THE PROBLEM:
Word for word, please restate each record and pass over the pictures.

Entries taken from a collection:

━━━━

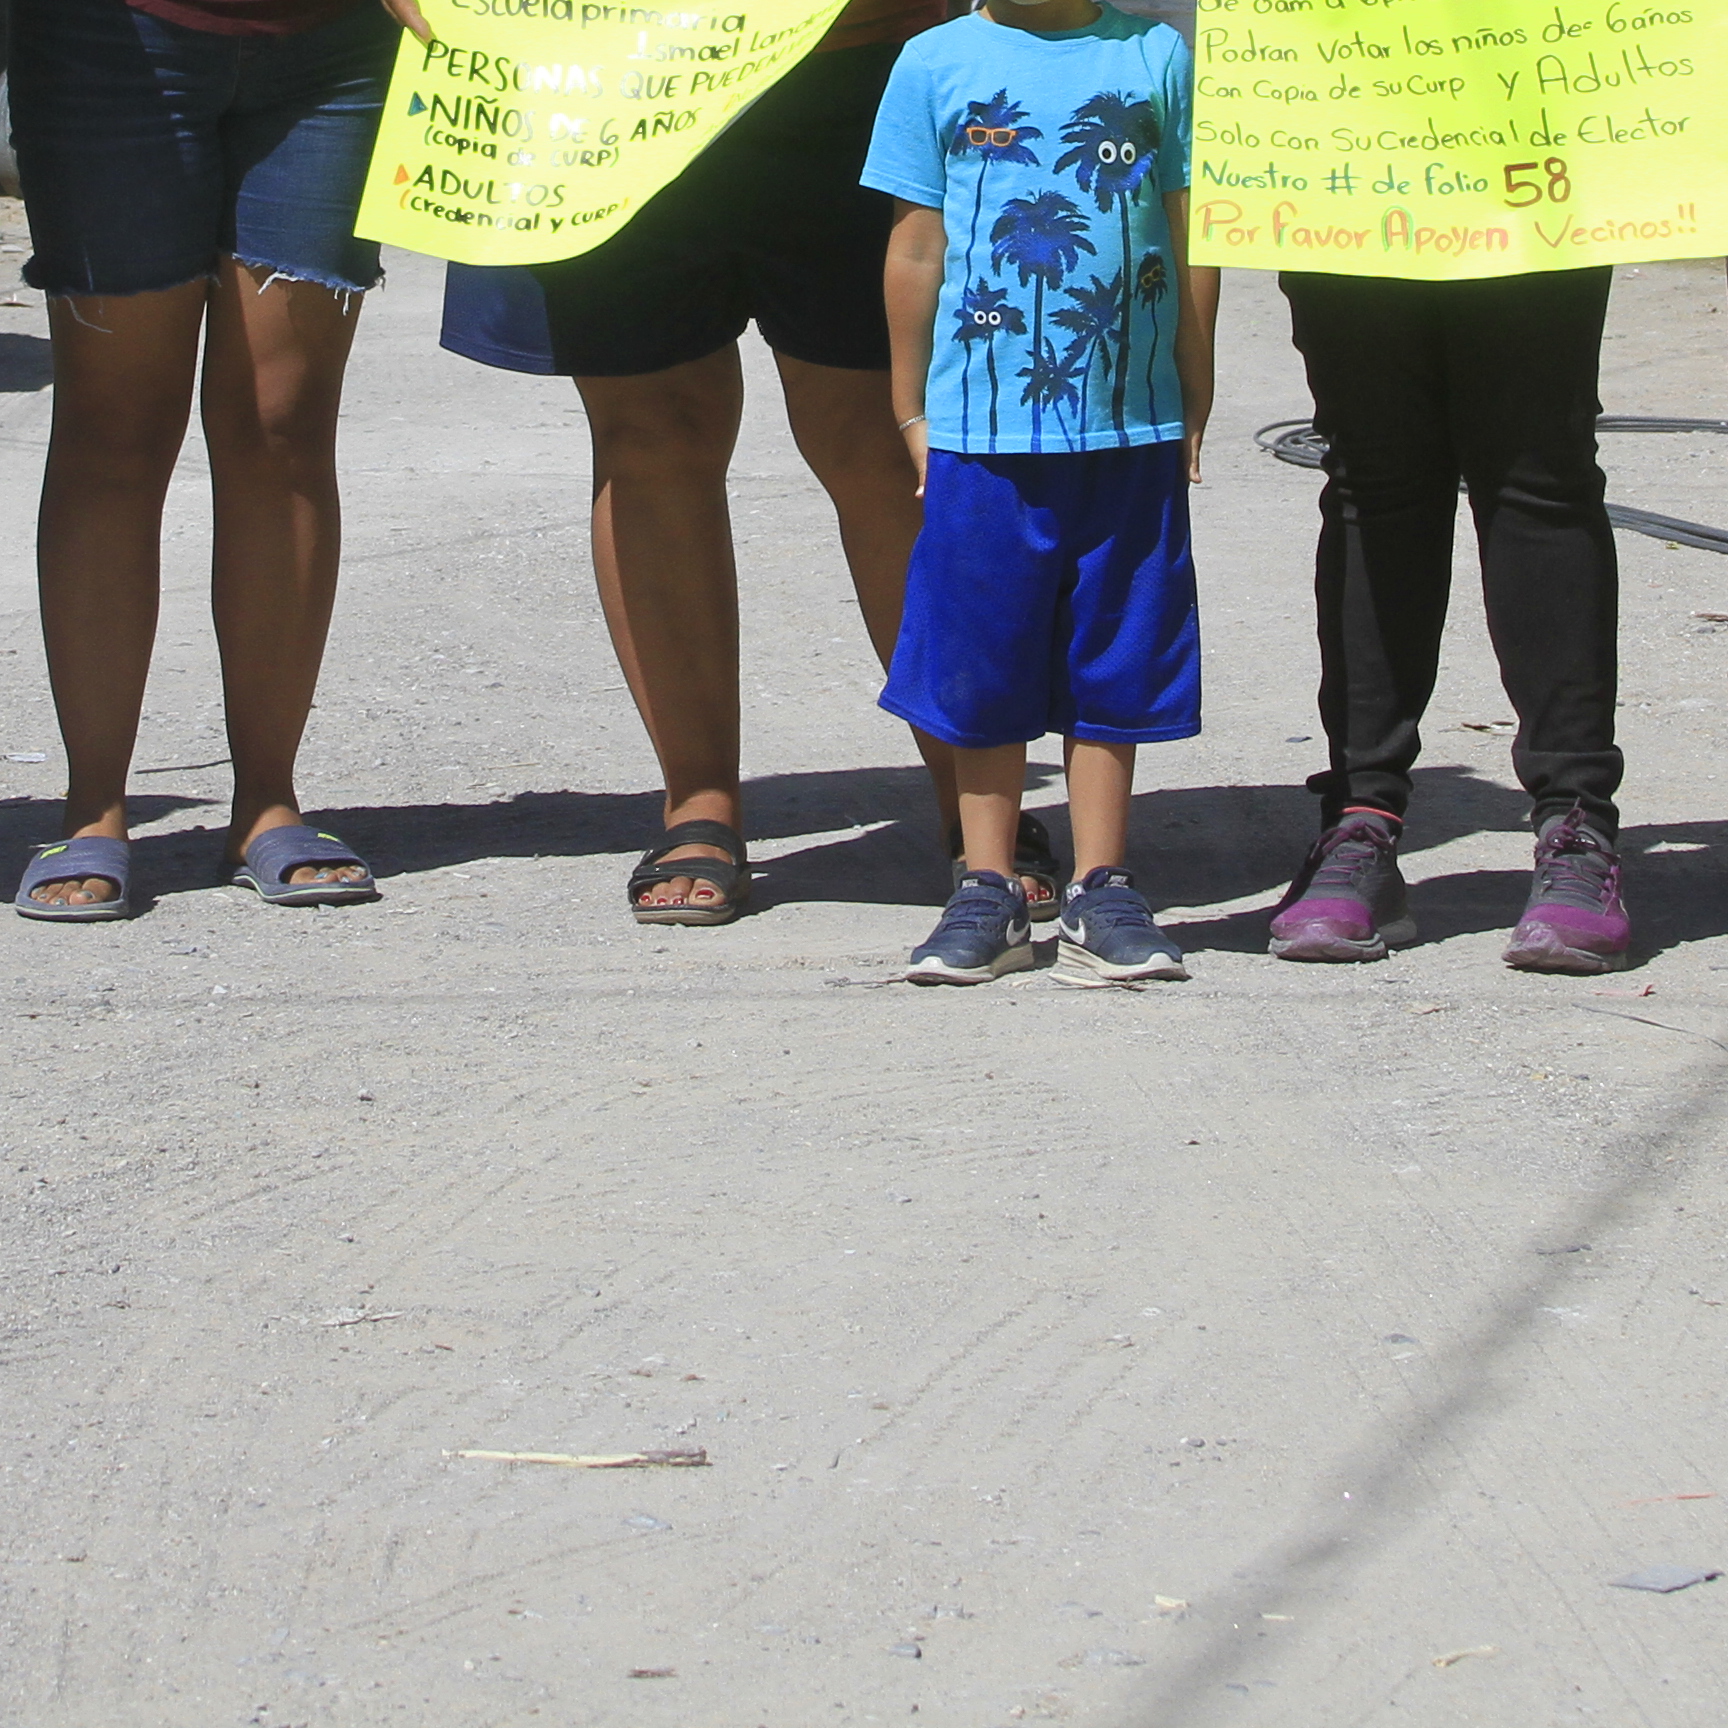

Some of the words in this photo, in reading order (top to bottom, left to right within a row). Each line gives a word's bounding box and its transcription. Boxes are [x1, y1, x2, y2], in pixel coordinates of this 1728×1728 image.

[580, 1, 747, 34] primaria
[1198, 26, 1300, 64] Podran
[1401, 23, 1445, 57] los
[421, 38, 606, 100] PERSONAS
[618, 69, 683, 102] QUE
[1327, 72, 1363, 101] de
[1535, 43, 1696, 96] Adultos
[428, 92, 538, 143] NIÑOS
[1194, 120, 1261, 149] Solo
[1529, 106, 1569, 148] de
[1577, 106, 1692, 144] Elector
[412, 162, 568, 209] ADULTOS
[1201, 158, 1309, 192] Nuestro
[1319, 160, 1364, 197] #
[1371, 162, 1412, 196] de
[1423, 161, 1490, 197] folio
[1502, 156, 1573, 209] 58
[1194, 198, 1263, 248] Por
[1380, 204, 1511, 258] Apoyen
[1533, 202, 1698, 250] Vecinos!!
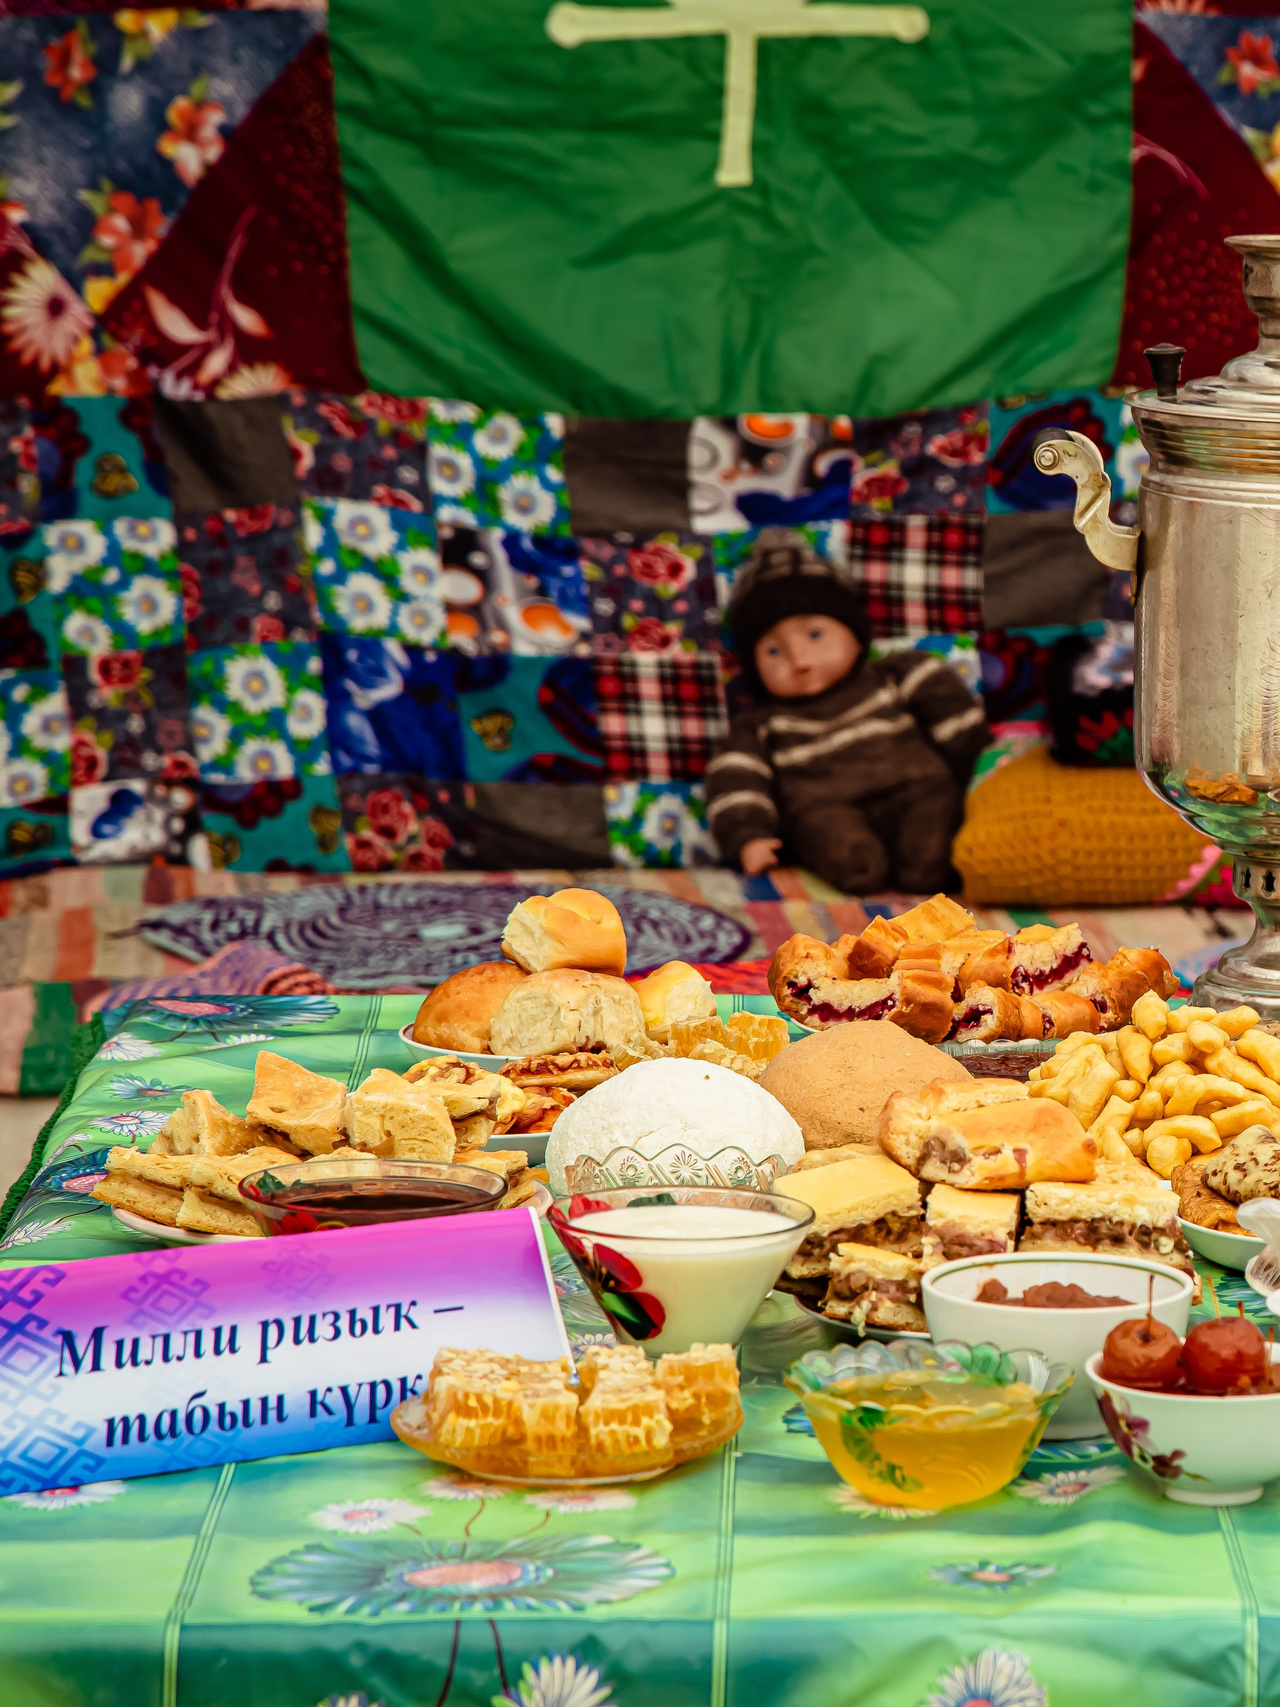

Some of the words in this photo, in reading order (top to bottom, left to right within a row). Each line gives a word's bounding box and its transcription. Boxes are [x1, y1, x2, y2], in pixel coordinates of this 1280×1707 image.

[54, 1325, 241, 1379] Милли
[103, 1388, 289, 1448] табын
[306, 1373, 424, 1428] күрк
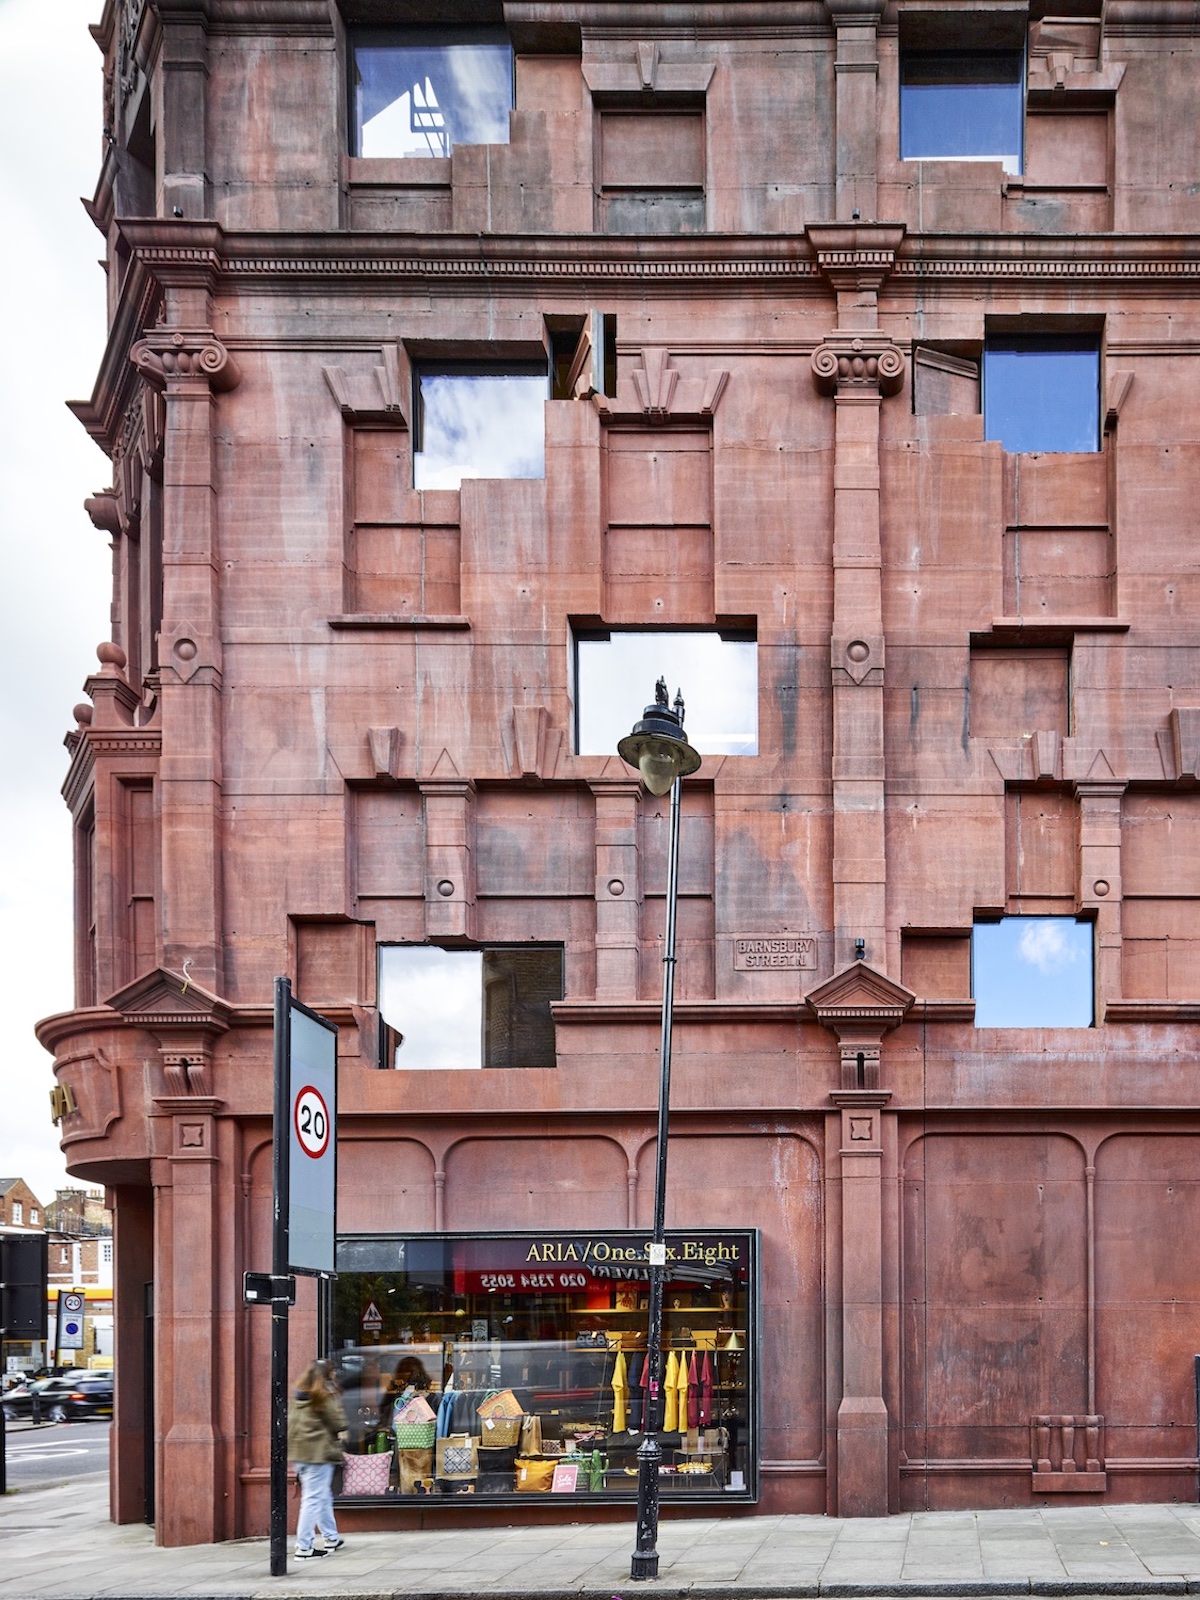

━━━━

YOUR RESPONSE:
Some of the words in this photo, in reading order (top to bottom, left to right within a row). Each line gives a word's bounding box and its transcription. Boxes are [x1, y1, x2, y2], in pixel coordinates of this 1728×1728 image.

[580, 1, 747, 34] primaria
[1198, 26, 1300, 64] Podran
[1401, 23, 1445, 57] los
[421, 38, 606, 100] PERSONAS
[618, 69, 683, 102] QUE
[1327, 72, 1363, 101] de
[1535, 43, 1696, 96] Adultos
[428, 92, 538, 143] NIÑOS
[1194, 120, 1261, 149] Solo
[1529, 106, 1569, 148] de
[1577, 106, 1692, 144] Elector
[412, 162, 568, 209] ADULTOS
[1201, 158, 1309, 192] Nuestro
[1319, 160, 1364, 197] #
[1371, 162, 1412, 196] de
[1423, 161, 1490, 197] folio
[1502, 156, 1573, 209] 58
[1194, 198, 1263, 248] Por
[1380, 204, 1511, 258] Apoyen
[1533, 202, 1698, 250] Vecinos!!

Some of the words in this photo, in reading order (top to bottom, left to right within a row). Each line gives a word's bounding box and its transcription. Boxes are [x1, y1, x2, y2], in pixel coordinates of this 1280×1707 image.

[54, 1325, 241, 1379] Милли
[103, 1388, 289, 1448] табын
[306, 1373, 424, 1428] күрк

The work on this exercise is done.